The holiday season is upon us, and aside from the usual $417 billion students spend annually on items such as textbooks, rent and tuition, the upcoming holidays present business owners with a three-month window with even more potential profit.
Select niche businesses such as costume stores and haunted houses rely on product uniqueness (and traditional norms) to establish a yearly connection with their customers, but what would it take for everyday small business owners to do the same? And is the potential for monetary gain, even over a short period of time, worth branding efforts?
Halloween is arguably the most popular student holiday of the year, with statistics from the National Retail Federation reporting that 69.4% of 18-to-24-year-olds dressed up in 2010, 55.4% were either throwing or attending a party, and 38.6% visited a haunted house. And not only that, but Halloween participation numbers seem to be rising for adults altogether, as economic numbers jumped to $5.8 billion in 2010 with the typical adult spending at $66.28 ( a $10 increase from 2009’s average).

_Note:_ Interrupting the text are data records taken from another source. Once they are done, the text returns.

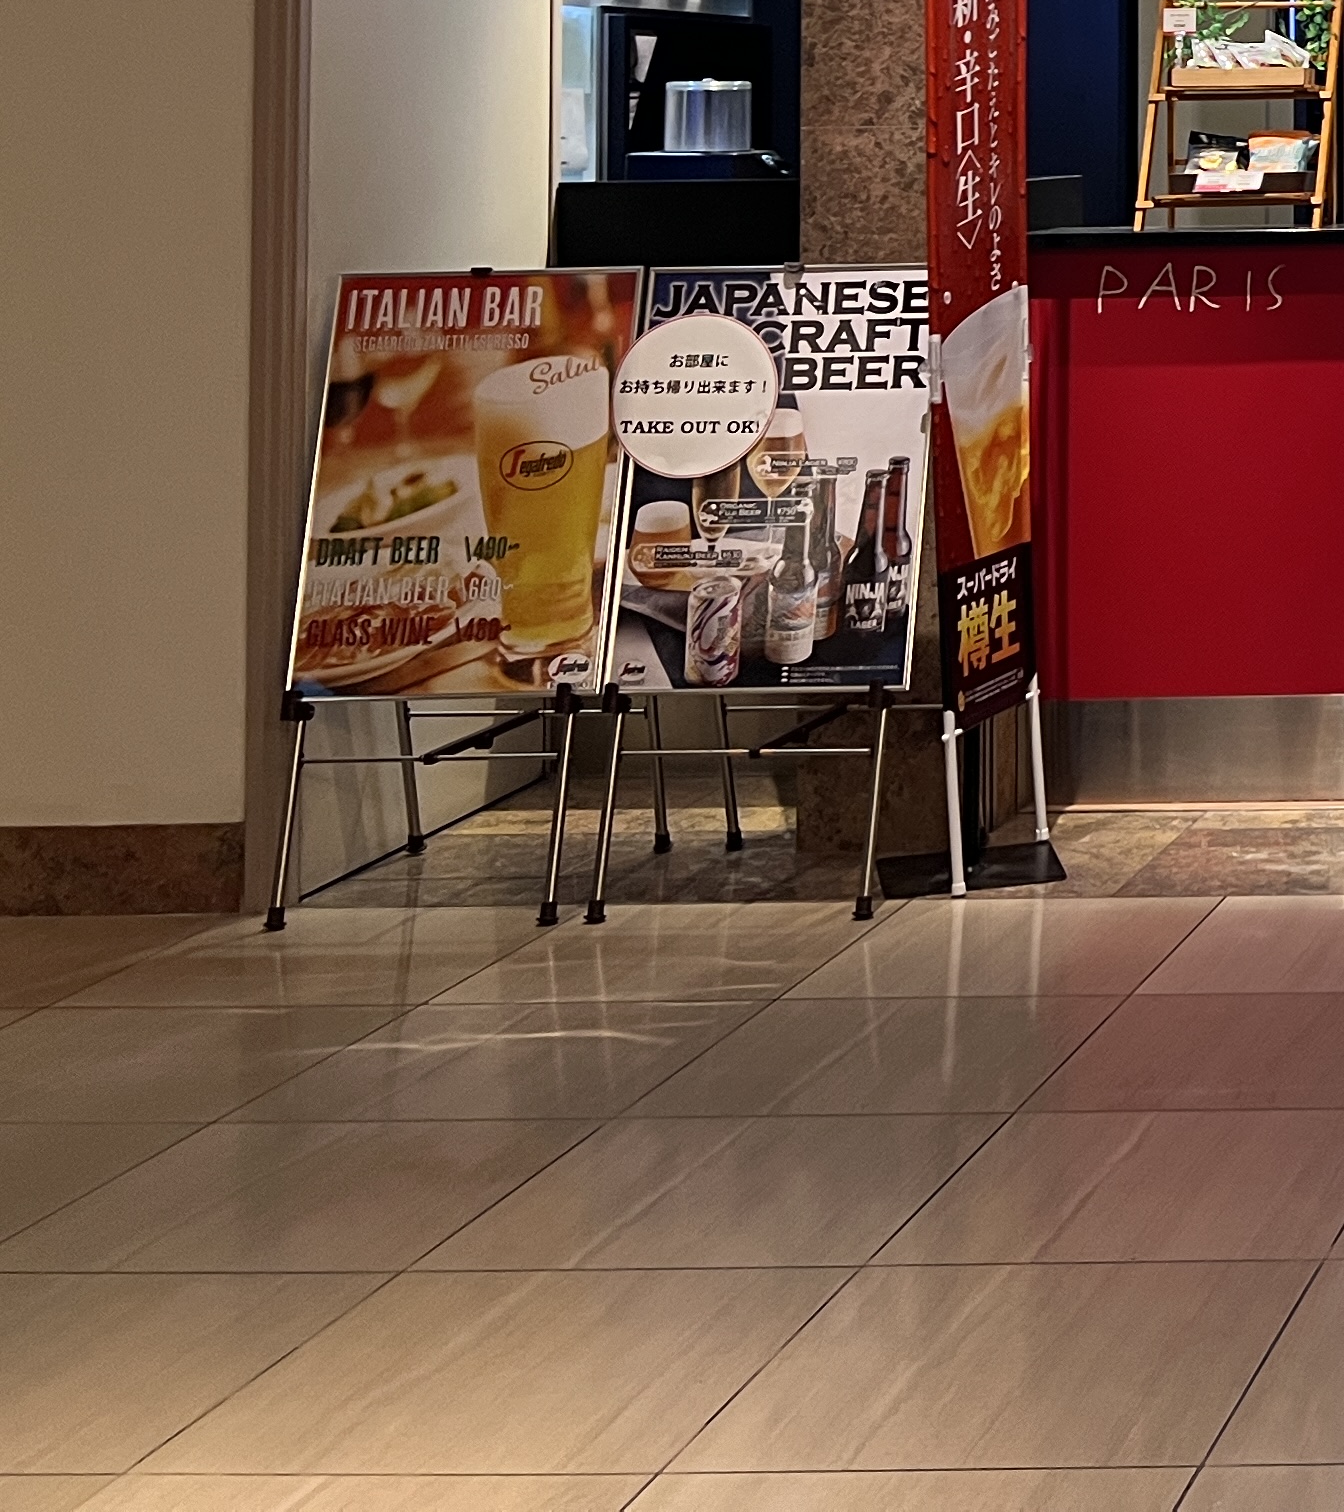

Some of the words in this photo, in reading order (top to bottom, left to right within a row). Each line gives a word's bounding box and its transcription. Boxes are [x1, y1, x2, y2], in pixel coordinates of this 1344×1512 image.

[653, 280, 929, 318] JAPANESE
[1097, 262, 1288, 314] PARIS
[346, 287, 471, 331] ITALIAN
[481, 286, 544, 328] BAR
[753, 318, 929, 355] CRAFT
[669, 354, 729, 369] お部屋に
[781, 355, 927, 392] BEER
[620, 379, 768, 395] お持ち帰り出来ます！
[620, 420, 674, 435] TAKE
[681, 420, 721, 435] OUT
[727, 420, 760, 434] OK!
[315, 537, 384, 567] DRAFT
[390, 536, 440, 564] BEER
[311, 577, 393, 607] ITALIAN
[400, 576, 451, 605] BEER
[957, 556, 1017, 600] スーパードライ
[305, 618, 372, 648] GLASS
[382, 617, 435, 645] WINE
[957, 590, 1021, 678] 樽生

If there is one Halloween consistency business owners can bank on, it’s that students everywhere will be scouring the local party scene looking for the best night experience possible. For bar owners, this usually equates to a month marketing one’s Halloween pub crawl, house DJ or epic drink specials, and using social media and advertising resources to hit the market first. One excellent idea bars can consider is also holding a costume contest with an awesome prize—bottle service perhaps—for the most creative or scary costume, and either awarding it that night or getting contact information from participants and notifying the winners later. An incentive to win will drive students to the bar on Halloween itself, while a prize they must be at the bar to redeem (again, like bottle service) will drive them and their friends back on another night. (And one shouldn’t forget about the value of capturing contact information itself, whether emails for monthly newsletters or phone numbers for mobile marketing purposes.)

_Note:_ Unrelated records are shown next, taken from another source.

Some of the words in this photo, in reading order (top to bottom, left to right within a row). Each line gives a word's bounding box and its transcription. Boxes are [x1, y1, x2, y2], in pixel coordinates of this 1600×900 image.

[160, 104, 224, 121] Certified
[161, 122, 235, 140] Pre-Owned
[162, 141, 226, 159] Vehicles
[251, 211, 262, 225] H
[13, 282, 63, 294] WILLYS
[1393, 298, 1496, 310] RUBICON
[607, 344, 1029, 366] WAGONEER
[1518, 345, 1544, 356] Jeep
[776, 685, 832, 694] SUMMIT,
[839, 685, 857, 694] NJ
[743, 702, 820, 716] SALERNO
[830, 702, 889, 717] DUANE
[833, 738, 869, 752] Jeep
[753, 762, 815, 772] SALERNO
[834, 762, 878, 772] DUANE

One advantage Halloween claims over its holiday counterparts is creative freedom, however, and one doesn’t have to be in the bar business to capture a piece of the holiday action. As is usually the case, students will bypass most options to get the best deal. Whether one can solve a piece of the costume puzzle, supply a decorative item, or whip up a special pre-party meal, separating a product or service from one’s overall line and highlighting it as a can’t-miss holiday special each year is a way for businesses to become an annual, traditional part of their audience’s Halloween.
And the marketing doesn’t have to stop once Halloween is over. Bars and restaurants should take the opportunity to snap photos of their attendees, push them out through social media and encourage people to tag themselves. This not only has potential to drive web traffic, but it allows customers to inadvertently promote and share their experience, resulting in free advertising that just might pay off for the company next year.
Meanwhile, costume stores and places that sell decorations can run contests through social media encouraging people to submit photos of themselves in costume or their homes adorned with spooky décor. Like-gating the contest (making it a requisite for voters to “like” the business’s Facebook fan page) is a good way for a business to capture more “likes.” Meanwhile, for a prize, one can consider giving away a gift certificate to their business valid through next Halloween, ensuring that when October 31st rolls around again, they’ll have themselves a repeat customer.